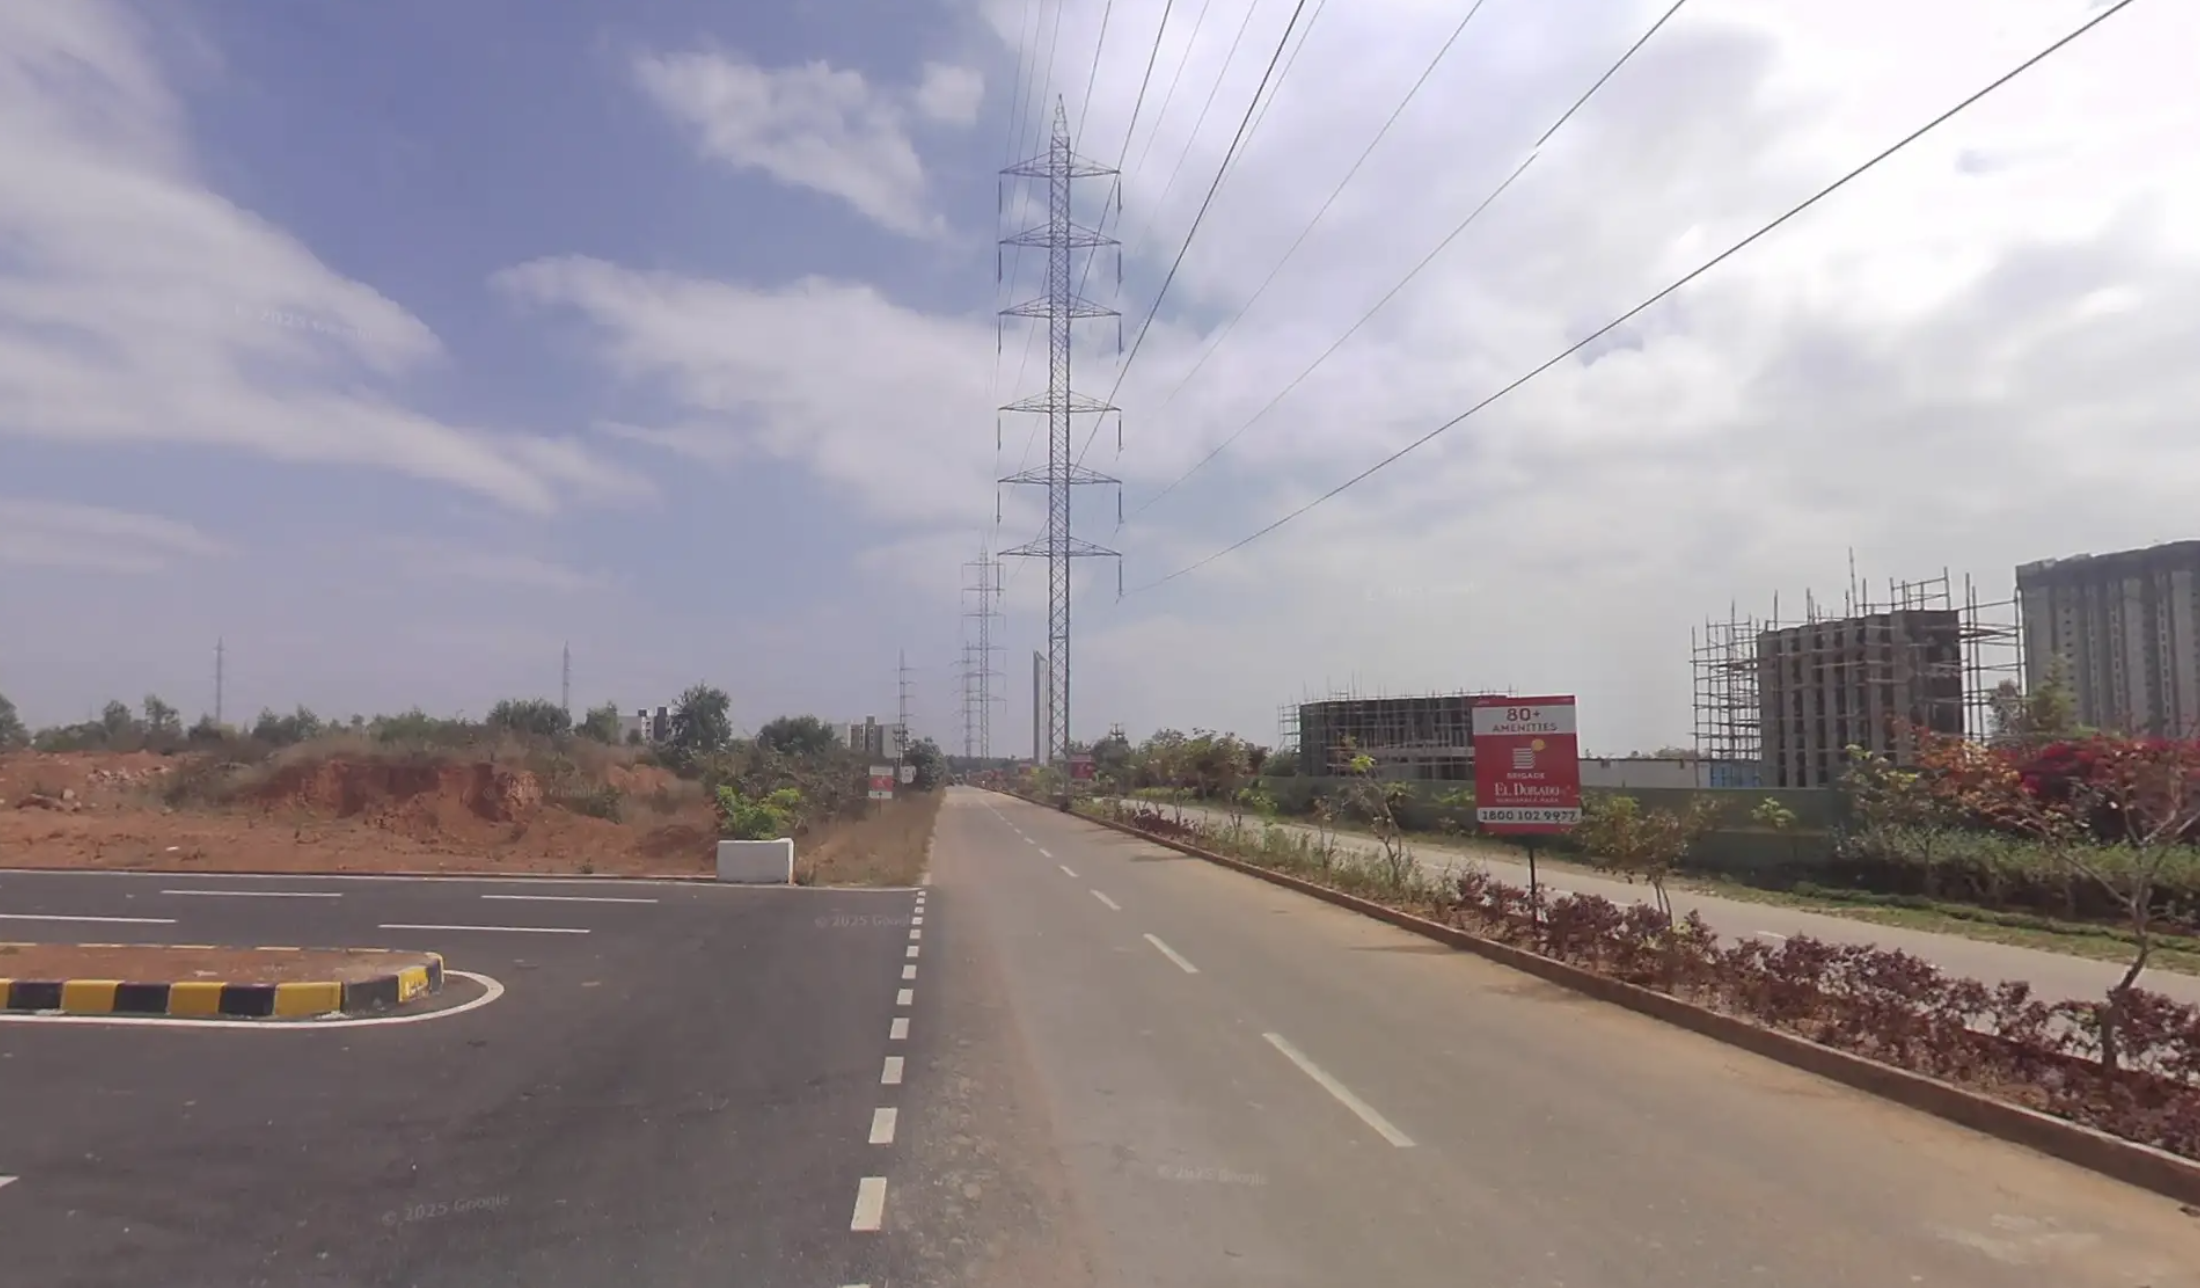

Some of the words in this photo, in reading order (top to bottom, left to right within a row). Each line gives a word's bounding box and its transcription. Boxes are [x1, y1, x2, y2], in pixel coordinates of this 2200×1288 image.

[1506, 707, 1541, 722] 80+
[1492, 722, 1558, 733] AMENITIES
[1506, 772, 1546, 780] BRIGADE
[1494, 782, 1512, 797] EL
[1513, 782, 1560, 797] DORADO
[1482, 810, 1514, 821] 1800
[1517, 810, 1541, 821] 102
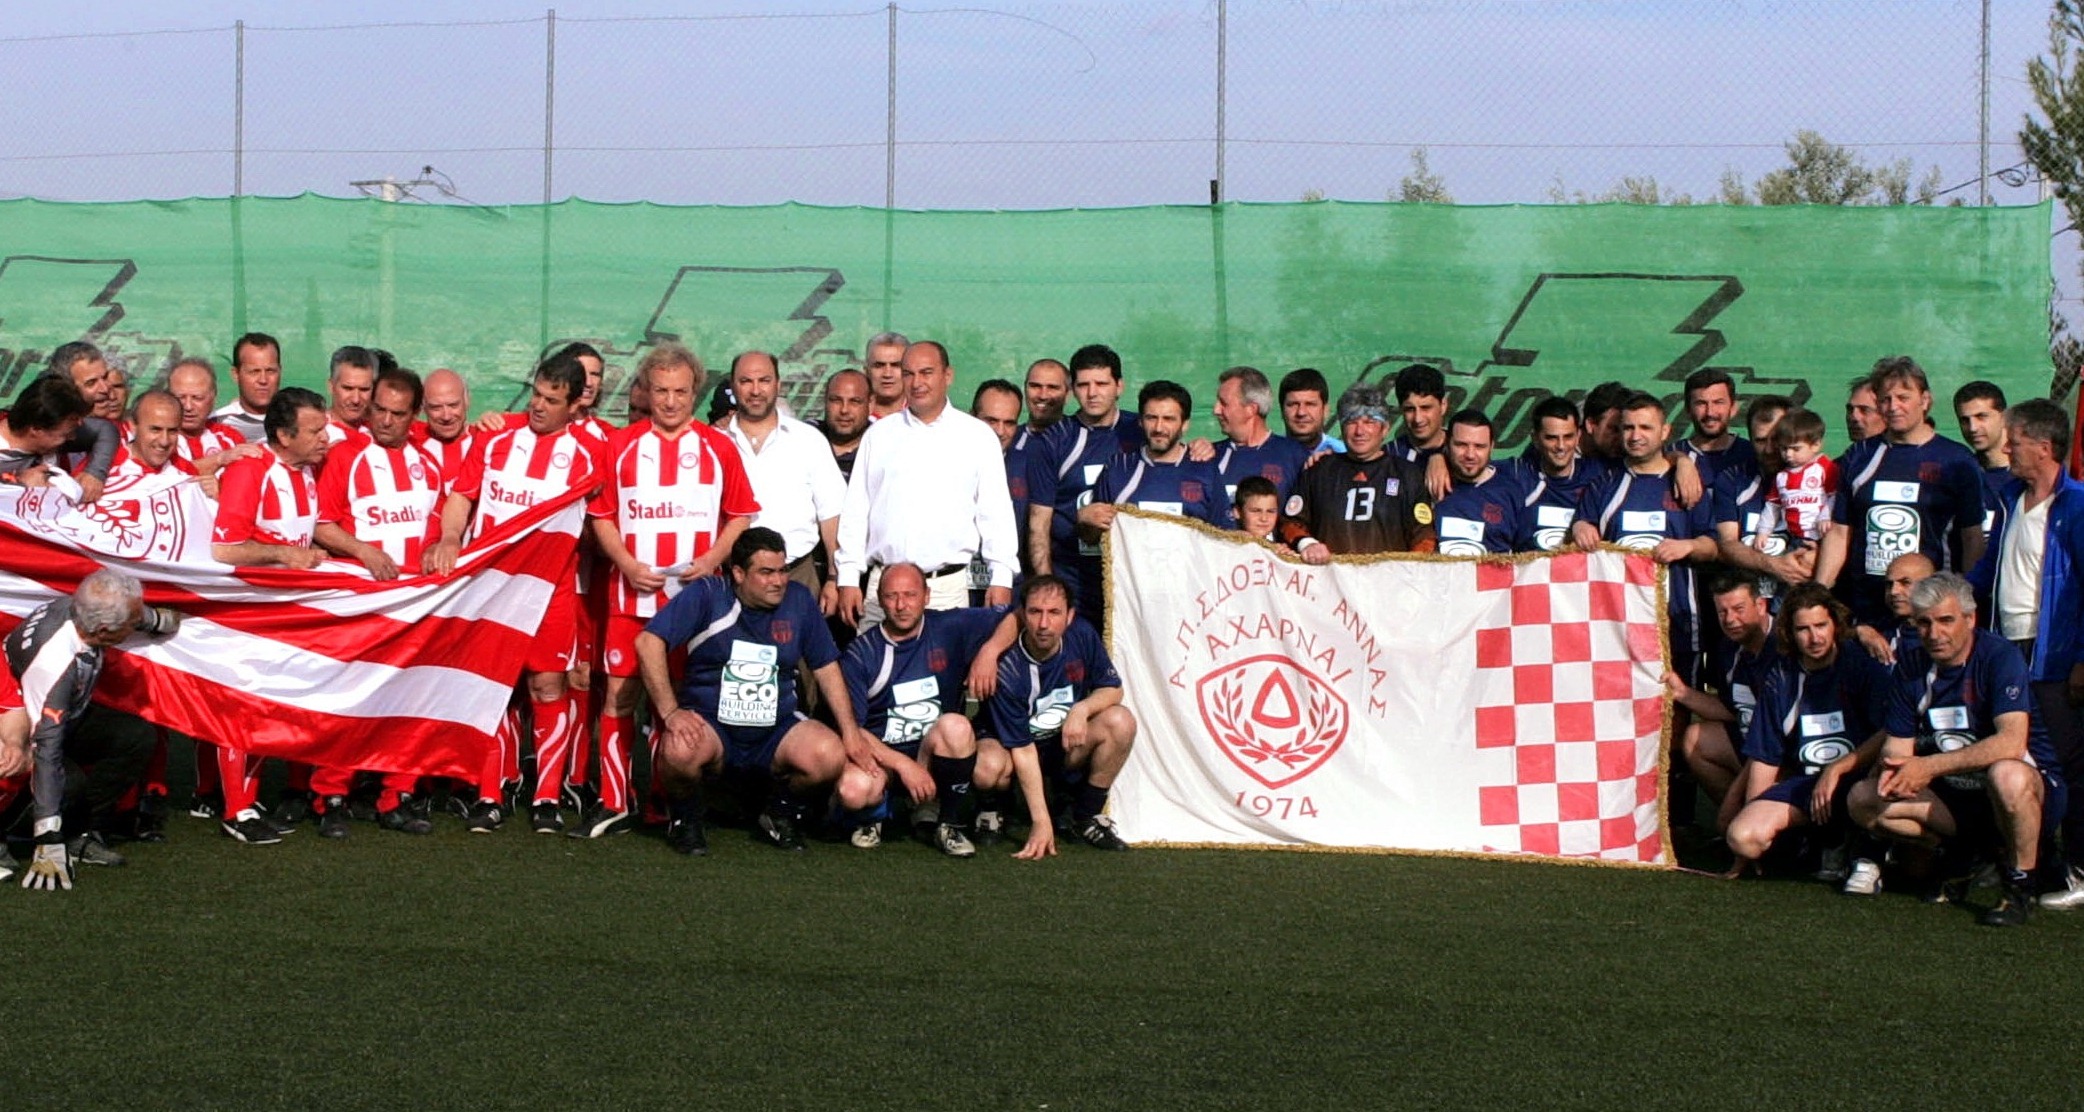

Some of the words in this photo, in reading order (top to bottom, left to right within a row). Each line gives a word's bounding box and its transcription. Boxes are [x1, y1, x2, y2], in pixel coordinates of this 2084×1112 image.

[1344, 487, 1376, 521] 13
[1866, 531, 1918, 551] ECO
[723, 682, 777, 702] ECO
[1235, 791, 1319, 820] 1974

**Exercise objective:** Set the records down again word for word; the pictures stay out.

**Task result:**
Some of the words in this photo, in reading order (top to bottom, left to right within a row). Each line gives a word's bounding box and its transcription. Boxes are [x1, y1, x2, y2], in pixel coordinates of this 2200×1288 image.

[1506, 707, 1541, 722] 80+
[1492, 722, 1558, 733] AMENITIES
[1506, 772, 1546, 780] BRIGADE
[1494, 782, 1512, 797] EL
[1513, 782, 1560, 797] DORADO
[1482, 810, 1514, 821] 1800
[1517, 810, 1541, 821] 102

Some of the words in this photo, in reading order (top to bottom, left to right within a row). Each line gives a word's bounding box and its transcription. Boxes are [x1, y1, x2, y2], in pixel coordinates of this 2084×1112 image.

[1344, 487, 1376, 521] 13
[1866, 531, 1918, 551] ECO
[723, 682, 777, 702] ECO
[1235, 791, 1319, 820] 1974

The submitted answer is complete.